Wir brauchen mehr Haushaltspolitik 4.0

Debatte zur Einbringung des Haushalts 2015 / 33. Sitzung des 18. Deutschen Bundestages am 9. September 2014

Es ist ja notwendig, dass die Opposition den Haushaltsentwurf kritisiert, aber zwei Dringe fand ich sehr befremdlich. Herr Bartsch von den Linken: Sie kritisieren die Russland-Sanktionen, weil sie die Wirtschaftskraft in Deutschland beschädigen?

Selbst als Wirtschafts- und Finanzpolitiker muss ich sagen: Es gibt Dinge auf der Welt, die wichtiger sind als wirtschaftliches Wachstum.

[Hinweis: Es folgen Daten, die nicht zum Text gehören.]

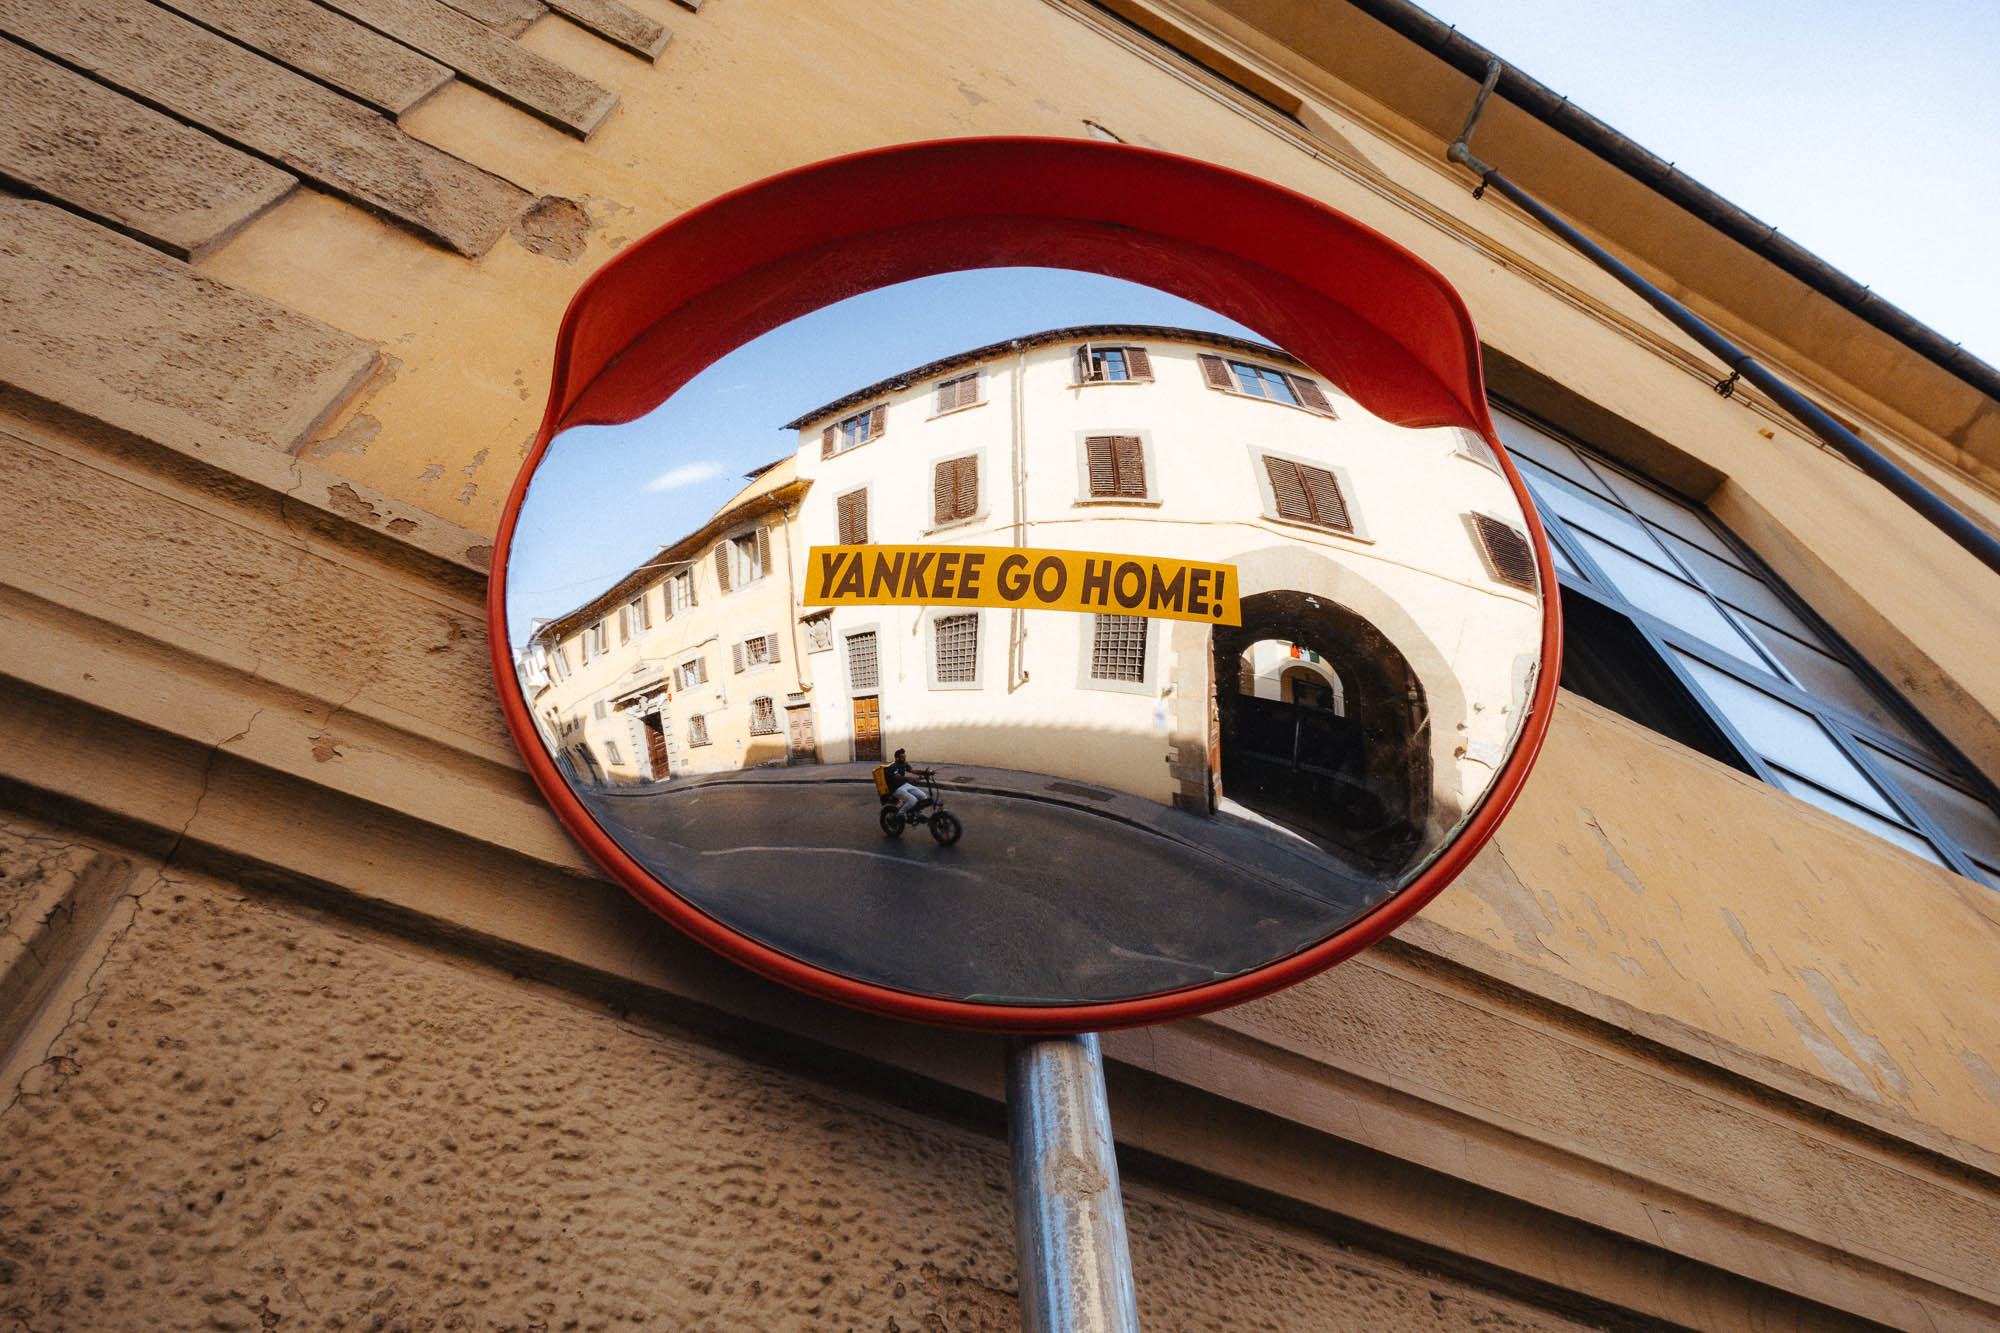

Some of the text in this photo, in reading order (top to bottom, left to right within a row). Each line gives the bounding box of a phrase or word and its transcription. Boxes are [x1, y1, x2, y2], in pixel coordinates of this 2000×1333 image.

[819, 552, 1226, 618] YANKEE GO HOME!

Herr Kindler von den Grünen, ich finde es drollig, dass die Grünen kritisieren, wir würden hier in Deutschland nicht genug investieren. Ich nehme in meinem Heimatbundesland Nordrhein-Westfalen wahr, dass dort der größte Investitionsverhinderer Ihr grüner Bundesumweltminister Remmel ist.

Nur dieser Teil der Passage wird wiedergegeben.